En 1980, cuando decidió el “inicio de la lucha armada” de Sendero Luminoso, Abimael Guzmán era ya un fanático poseído por una psicopatía y dispuesto a que “corran ríos de sangre para instaurar la República de Nueva Democracia”. Fueron 12 años de demenciales atrocidades primero en la sierra sur y luego en Lima. Los cartuchos de dinamita usados en la minería se convirtieron en un arma para volar por los aires torres de alta tensión que cortaban el servicio de luz eléctrica, puentes, carreteras, casas y edificios con inocentes ocupantes adentro. A falta de balas en sus fusiles y revólveres, los militantes de Sendero Luminoso utilizaban machetes, cuchillos y piedras para dar muerte a pobladores inocentes en el campo, a pequeños comerciantes en las ciudades provincianas y a autoridades en macabras parodias llamadas juicios populares.

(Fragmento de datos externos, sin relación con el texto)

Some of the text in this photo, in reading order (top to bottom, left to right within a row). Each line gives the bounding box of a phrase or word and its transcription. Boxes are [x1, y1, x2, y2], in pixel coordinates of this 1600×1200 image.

Después, Guzmán ordenó asaltos cruentos en las ciudades –en su demencia decía avanzar del campo a la ciudad– y el registro de esos 12 años es atroz: mujeres embarazadas destripadas; niños sacrificados como niños-bomba con cartuchos de dinamita atados al cuerpo; cadáveres volados en pedazos como si no bastara su asesinato. Viudas, huérfanos, mutilados. Doce años de horror que cesaron cuando fue capturado el 12 de setiembre de 1992 por valerosos policías que integraban el Grupo de Inteligencia (GEIN).

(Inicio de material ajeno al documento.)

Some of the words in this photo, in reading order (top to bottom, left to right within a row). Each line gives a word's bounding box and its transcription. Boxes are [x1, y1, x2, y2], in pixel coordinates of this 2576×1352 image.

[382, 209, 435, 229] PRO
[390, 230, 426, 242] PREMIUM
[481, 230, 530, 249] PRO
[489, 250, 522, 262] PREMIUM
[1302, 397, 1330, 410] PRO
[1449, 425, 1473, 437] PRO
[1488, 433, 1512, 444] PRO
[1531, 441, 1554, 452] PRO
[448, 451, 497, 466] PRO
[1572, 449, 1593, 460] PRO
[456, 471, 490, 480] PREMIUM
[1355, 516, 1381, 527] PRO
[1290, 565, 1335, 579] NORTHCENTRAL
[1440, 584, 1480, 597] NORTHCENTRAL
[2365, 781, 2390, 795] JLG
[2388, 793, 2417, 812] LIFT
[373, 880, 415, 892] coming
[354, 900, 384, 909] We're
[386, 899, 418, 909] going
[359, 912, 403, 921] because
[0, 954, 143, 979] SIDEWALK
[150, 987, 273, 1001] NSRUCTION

Después de la captura de Abimael Guzmán Reinoso, se abrió otra desdicha: los peruanos no supimos aprender las lecciones que dejó ese fatal período generado por el senderismo. Nadie quiso entender que, guste o no, el horror no debe ser olvidado porque la necia naturaleza humana busca la comodidad del olvido para eludir la realidad. En cambio, en los últimos veinte años, los alucinados herederos de Abimael Guzmán percibieron que usando la permanente pobreza de la sierra podían obtener réditos políticos con la excusa del “pensamiento Gonzalo” –una mentira porque no existe una sola línea doctrinaria de Abimael Guzmán–. Así, en el año de la muerte de Guzmán, lograron arribar al gobierno del Perú con votos de la pobreza pero con la paradoja de contar con el apoyo de sectores de clase media urbana cuya grotesca ignorancia les impidió entender que Sendero Luminoso significa para este país cuerpos apilados en morgues, muerte en las calles, horror, desesperación. Hoy los seguidores de Abimael Guzmán se disfrazan de demócratas, pero la paternidad que le deben al cabecilla senderista no los libera.

Ha muerto Rubén Manuel Abimael Guzmán Reinoso. En un país de cultos fúnebres donde la muerte abre compasiones irracionales, inventa virtudes inexistentes, improvisa apologías irrespetuosas, uno se pregunta a dónde van los criminales tras su muerte. En “La Divina Comedia”, de Dante, se dice que habitan el séptimo círculo del infierno en un río de sangre hirviente vigilados por centauros armados de arcos y flechas. No sé si así sea. Pero las decenas de miles de muertos victimados en los 12 años de horror merecen una flor de respeto en sus tumbas.